For a dataset of size \( n \) divided into \( k \) bins, the boundaries are given by the quantiles at \( \frac{100}{k} \) percentile increments.  
For example, if using 4 bins (quartiles), the boundaries are the 25th, 50th, and 75th percentiles.

### Python Code: Quantile Binning

```python
# Use pd.qcut to perform quantile binning
df['Quantile_Bin'] = pd.qcut(df['Feature'], q=4, labels=False)

print("\nQuantile Binning Example:")
print(df)
```

---

## 4. KMeans Binning

**KMeans Binning** uses clustering to group similar values together. The idea is to apply KMeans clustering to the one-dimensional feature and then use the cluster labels as bin indices.

### Steps:
1. Reshape the feature into a 2D array.
2. Fit KMeans with the desired number of bins \( k \).
3. Use the cluster labels as the bin assignment.

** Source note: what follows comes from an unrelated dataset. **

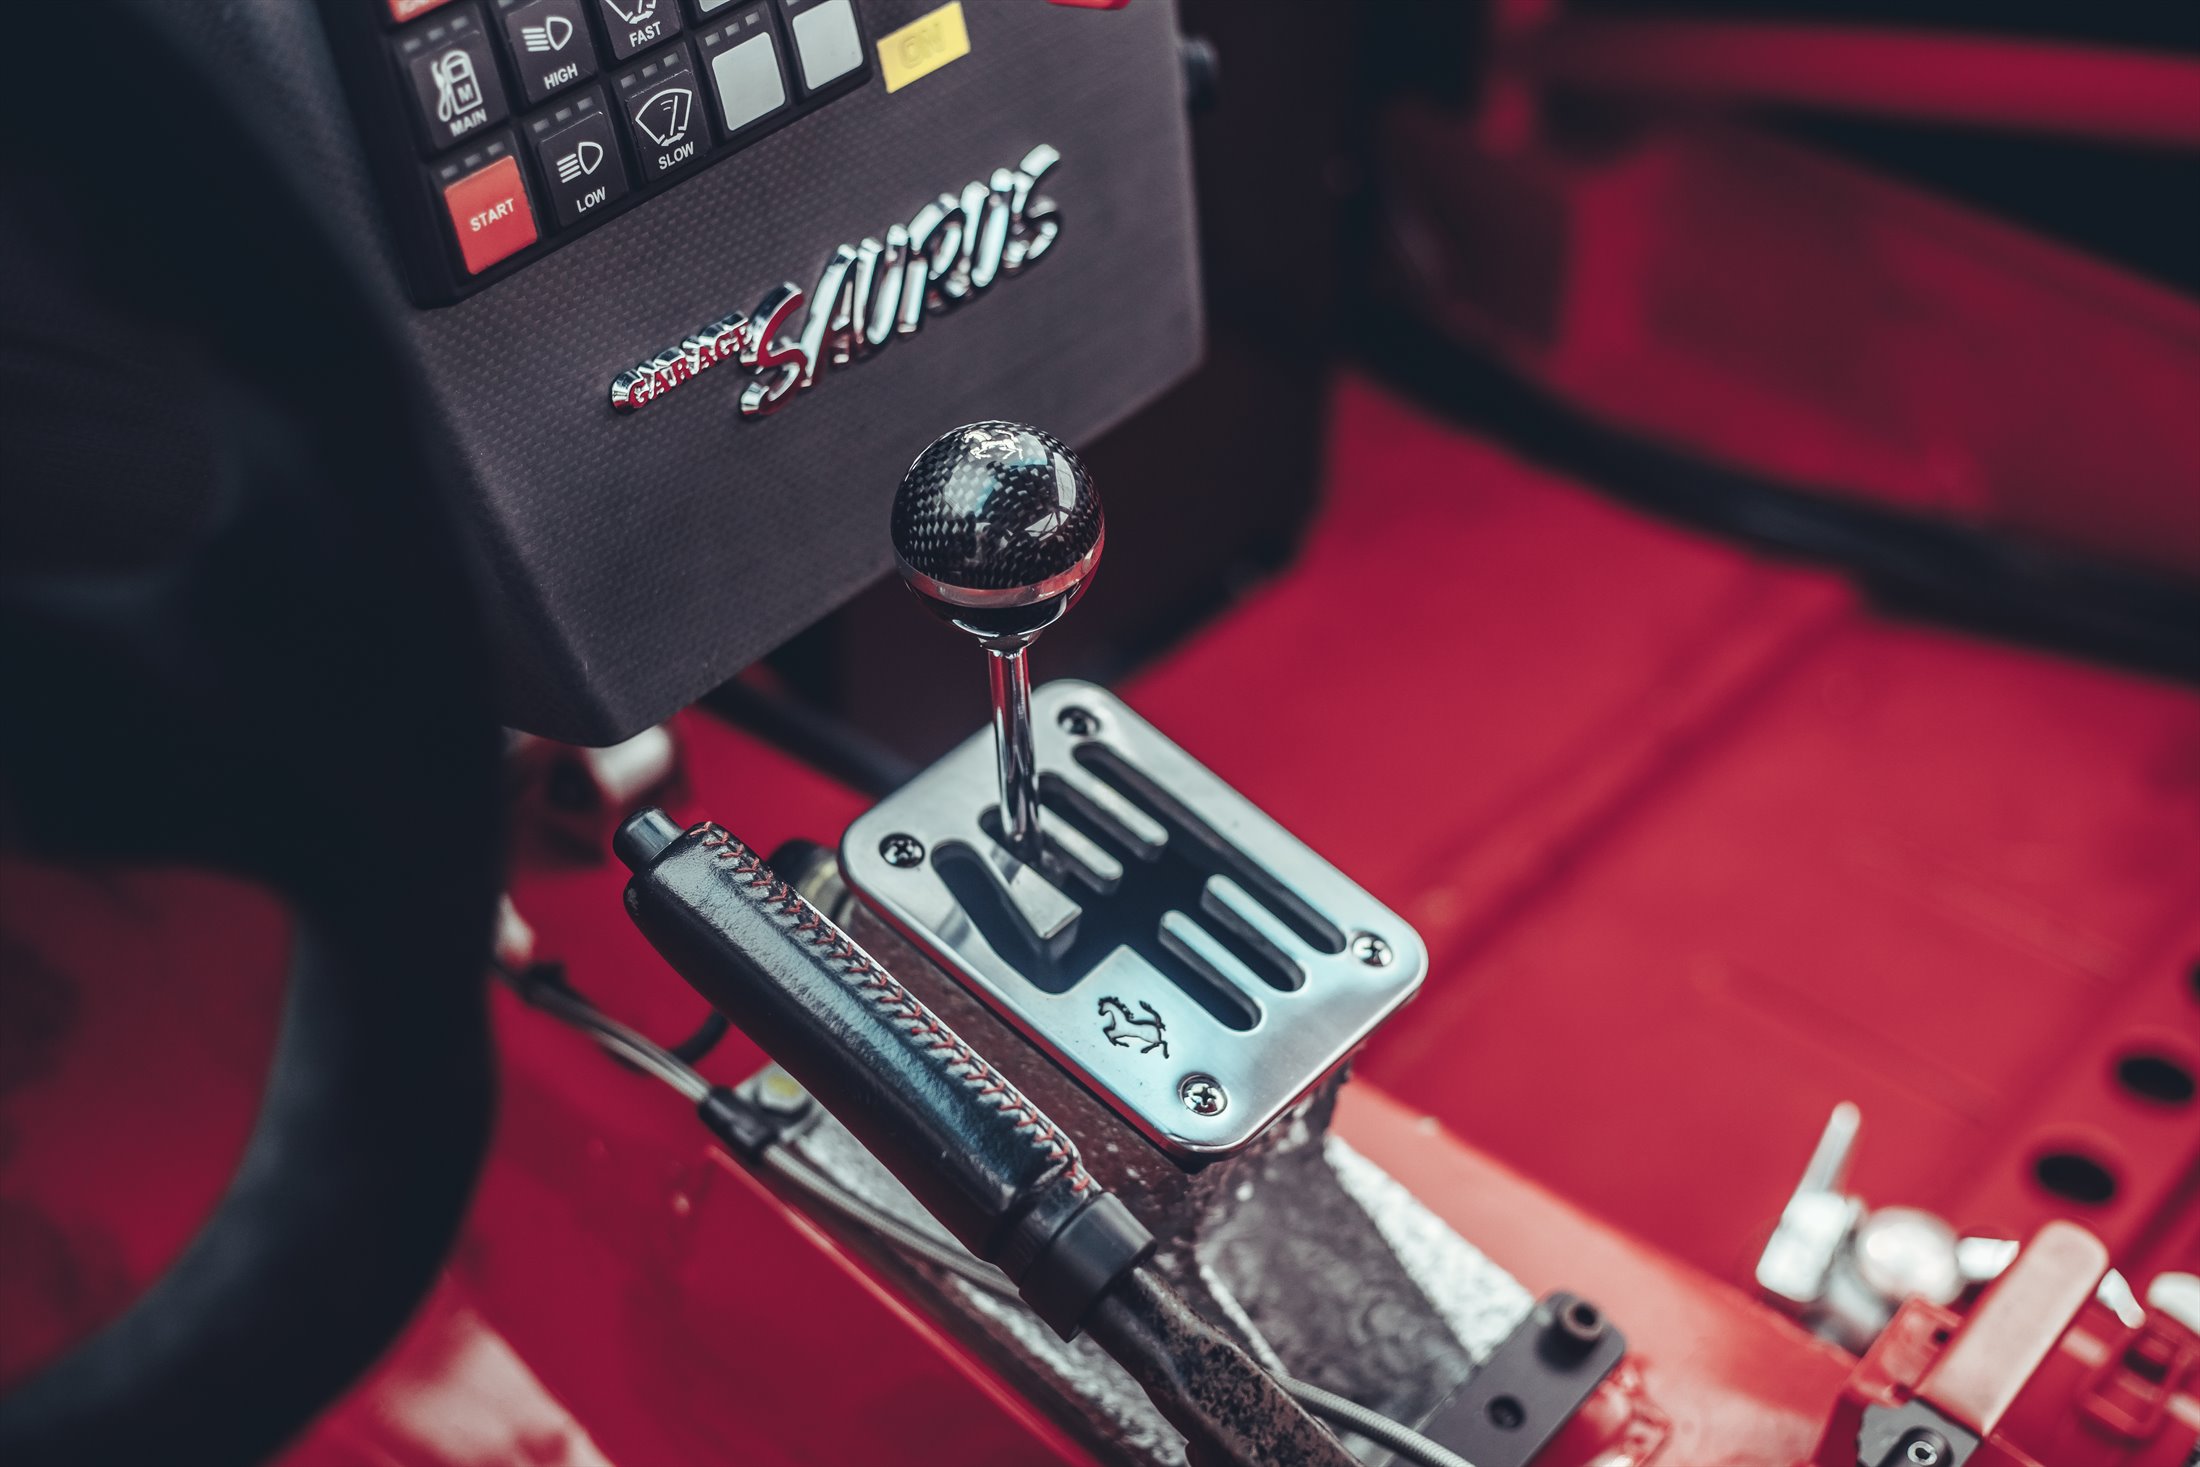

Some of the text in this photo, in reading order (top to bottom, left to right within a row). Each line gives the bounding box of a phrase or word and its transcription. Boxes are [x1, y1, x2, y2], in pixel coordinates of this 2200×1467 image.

### Python Code: KMeans Binning

```python
from sklearn.cluster import KMeans

# Reshape the feature to a 2D array (required by KMeans)
X = df['Feature'].values.reshape(-1, 1)

# Set the desired number of bins (clusters)
k = 3
kmeans = KMeans(n_clusters=k, random_state=42)
df['KMeans_Bin'] = kmeans.fit_predict(X)

print("\nKMeans Binning Example:")
print(df)

# Plot the clusters (bins)
plt.figure(figsize=(8, 4))
plt.scatter(range(len(df)), df['Feature'], c=df['KMeans_Bin'], cmap='viridis', s=100)
plt.xlabel('Index')
plt.ylabel('Feature Value')
plt.title("KMeans Binning of Feature")
plt.colorbar(label='Cluster Label (Bin)')
plt.show()
```

---

## Conclusion

- **Binarization** converts a continuous variable into a binary value based on a threshold.
- **Discretization** groups continuous data into predefined bins using fixed boundaries.
- **Quantile Binning** ensures equal frequency in each bin by setting boundaries at data quantiles.
- **KMeans Binning** applies clustering to determine bin assignments based on natural groupings in the data.